Negli ultimi tre anni il quadro macroeconomico è drammaticamente peggiorato, i consumi sono scesi, e la distribuzione ha smesso di crescere, trovandosi costretta al ridimensionamento delle proprie ambizioni economiche per sostenere una domanda sempre più debole. Il consumatore da parte sua ha dato una mano nel complicare la situazione, acquistando sempre più prodotti con buon rapporto qualità- prezzo (da qui il successo dei prodotti a marchio) in alternativa a quelli di marca: il trading down ha però inevitabilmente contratto il valore aggiunto. Come conseguenza, nella seconda metà del 2009 le vendite in tutti i segmenti della distribuzione hanno faticato a pareggiare i conti con l'anno precedente e sovente sono andate in rosso. Come emerge dalla tabella “Variazioni vendite” pubblicata nella pagina precedente (in alto a destra), i dati relativi alle prime venti imprese della distribuzione moderna rilevati nel periodo agosto 2008 - settembre 2009 indicano che 14 insegne su 20, a parità di perimetro, non hanno raggiunto la cifra dell'anno precedente. Vendere di più è quindi possibile solo aumentando le superfici di vendita, ma con scarse probabilità di successo se la torta dei consumi non torna a crescere. In questa situazione di disagio, quali strumenti negoziali possono convincere l'industria a remunerare ulteriormente la distribuzione, e com'è possibile conciliare le richieste delle poche imprese più performanti con quelle delle insegne in difficoltà?
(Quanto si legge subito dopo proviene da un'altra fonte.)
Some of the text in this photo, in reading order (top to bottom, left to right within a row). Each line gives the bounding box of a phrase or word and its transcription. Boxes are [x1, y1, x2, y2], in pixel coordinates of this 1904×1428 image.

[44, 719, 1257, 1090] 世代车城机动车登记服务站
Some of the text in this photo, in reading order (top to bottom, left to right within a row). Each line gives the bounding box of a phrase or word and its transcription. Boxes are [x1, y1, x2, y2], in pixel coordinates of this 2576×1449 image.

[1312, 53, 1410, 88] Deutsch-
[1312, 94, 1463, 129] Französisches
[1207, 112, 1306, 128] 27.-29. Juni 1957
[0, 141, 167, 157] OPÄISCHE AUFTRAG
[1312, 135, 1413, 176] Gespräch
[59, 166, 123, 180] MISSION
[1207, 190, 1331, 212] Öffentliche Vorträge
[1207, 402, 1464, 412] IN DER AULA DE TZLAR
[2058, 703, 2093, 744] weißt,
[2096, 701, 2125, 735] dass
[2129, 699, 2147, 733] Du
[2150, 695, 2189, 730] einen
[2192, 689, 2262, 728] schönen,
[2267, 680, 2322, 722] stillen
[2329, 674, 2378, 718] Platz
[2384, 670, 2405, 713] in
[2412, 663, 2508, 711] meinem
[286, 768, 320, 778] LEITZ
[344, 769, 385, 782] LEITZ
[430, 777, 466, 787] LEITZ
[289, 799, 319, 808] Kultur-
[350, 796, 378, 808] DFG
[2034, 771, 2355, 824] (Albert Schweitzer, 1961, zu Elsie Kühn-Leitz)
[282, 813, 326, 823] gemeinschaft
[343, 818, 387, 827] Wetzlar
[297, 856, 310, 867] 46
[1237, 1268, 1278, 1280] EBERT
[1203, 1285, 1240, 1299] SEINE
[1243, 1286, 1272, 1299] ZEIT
Crisi di progettualità delle supercentrali
Nella mia esperienza di progettazione e realizzazione di centrali e supercentrali, sia nella distribuzione alimentare moderna sia in quella specializzata, ho dovuto constatare che dopo tre anni i vantaggi inizialmente acquisiti venivano assorbiti dalla spinta della concorrenza e dalla resistenza dell'industria fornitrice, e che la vita stessa delle centrali era legata all'omogeneità degli obiettivi e alle caratteristiche strutturali dei partner.
In Italia, negli ultimi trent'anni, abbiamo assistito a un continuo e quasi vorticoso formarsi e sciogliersi di centrali fra imprese e gruppi distributivi, alla ricerca delle migliori condizioni d'acquisto presso l'industria di marca, ma non del collocamento ideale. All'interno delle centrali si è costruito un sistema a più livelli in cui gli aggregati di minore peso sono partner dimezzati, sia dal punto di vista decisionale sia sotto il profilo economico.
D'altra parte, un'efficace negoziazione degli accordi di fornitura non può non basarsi sul principio del “do ut des”; ma che cosa può offrire all'industria un'aggregazione che raccoglie partner operanti in segmenti diversi, con differenti posizionamenti e canali (ingrosso, dettaglio extralimentare ecc.), e con fatturati e livelli di copertura territoriali quanto mai vari?
È difficile ricavare da queste aggregazioni una sintesi negoziale credibile a sostegno delle richieste di maggiori risorse all'industria.